- DATASET ENTRIES -
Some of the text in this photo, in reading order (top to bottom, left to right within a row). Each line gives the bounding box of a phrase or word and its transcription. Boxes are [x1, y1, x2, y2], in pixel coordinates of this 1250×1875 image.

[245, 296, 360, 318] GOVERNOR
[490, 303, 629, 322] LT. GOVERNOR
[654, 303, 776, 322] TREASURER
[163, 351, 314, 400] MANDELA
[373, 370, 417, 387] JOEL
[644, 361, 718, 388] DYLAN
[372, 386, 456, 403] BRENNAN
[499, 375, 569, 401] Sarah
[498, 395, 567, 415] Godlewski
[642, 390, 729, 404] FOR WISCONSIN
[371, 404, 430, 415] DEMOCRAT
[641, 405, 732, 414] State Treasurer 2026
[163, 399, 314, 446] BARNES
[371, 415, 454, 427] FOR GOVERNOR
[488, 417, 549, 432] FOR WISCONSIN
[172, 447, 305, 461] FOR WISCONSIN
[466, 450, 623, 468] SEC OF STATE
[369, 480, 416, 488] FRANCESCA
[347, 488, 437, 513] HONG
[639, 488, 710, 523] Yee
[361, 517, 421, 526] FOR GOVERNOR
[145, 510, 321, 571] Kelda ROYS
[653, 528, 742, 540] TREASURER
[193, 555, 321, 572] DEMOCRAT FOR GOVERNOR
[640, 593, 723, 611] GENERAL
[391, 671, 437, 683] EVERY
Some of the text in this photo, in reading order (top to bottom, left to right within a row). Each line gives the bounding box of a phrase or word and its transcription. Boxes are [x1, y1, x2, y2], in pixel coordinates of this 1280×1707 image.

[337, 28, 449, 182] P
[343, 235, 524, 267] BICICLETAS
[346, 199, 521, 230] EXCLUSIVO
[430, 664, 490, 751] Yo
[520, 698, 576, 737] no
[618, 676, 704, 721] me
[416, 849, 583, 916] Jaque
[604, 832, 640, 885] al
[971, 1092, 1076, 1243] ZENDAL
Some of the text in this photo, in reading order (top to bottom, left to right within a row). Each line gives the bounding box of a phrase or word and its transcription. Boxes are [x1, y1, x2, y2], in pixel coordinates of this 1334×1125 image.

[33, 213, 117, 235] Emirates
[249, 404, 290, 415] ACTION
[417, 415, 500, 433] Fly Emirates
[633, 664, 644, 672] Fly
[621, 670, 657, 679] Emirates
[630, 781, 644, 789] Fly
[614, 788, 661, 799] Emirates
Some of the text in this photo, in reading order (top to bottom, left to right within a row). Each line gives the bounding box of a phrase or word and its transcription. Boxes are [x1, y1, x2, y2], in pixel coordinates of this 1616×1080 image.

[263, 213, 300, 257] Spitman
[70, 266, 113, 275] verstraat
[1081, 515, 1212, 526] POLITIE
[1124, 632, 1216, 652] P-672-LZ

- YOUR TASK -
The expected answer is an exact copy of the lines beginning at the one with "this 1334×1125 image." and running to the end of the entries above.

- EXERCISE OUTPUT -
Some of the text in this photo, in reading order (top to bottom, left to right within a row). Each line gives the bounding box of a phrase or word and its transcription. Boxes are [x1, y1, x2, y2], in pixel coordinates of this 1334×1125 image.

[33, 213, 117, 235] Emirates
[249, 404, 290, 415] ACTION
[417, 415, 500, 433] Fly Emirates
[633, 664, 644, 672] Fly
[621, 670, 657, 679] Emirates
[630, 781, 644, 789] Fly
[614, 788, 661, 799] Emirates
Some of the text in this photo, in reading order (top to bottom, left to right within a row). Each line gives the bounding box of a phrase or word and its transcription. Boxes are [x1, y1, x2, y2], in pixel coordinates of this 1616×1080 image.

[263, 213, 300, 257] Spitman
[70, 266, 113, 275] verstraat
[1081, 515, 1212, 526] POLITIE
[1124, 632, 1216, 652] P-672-LZ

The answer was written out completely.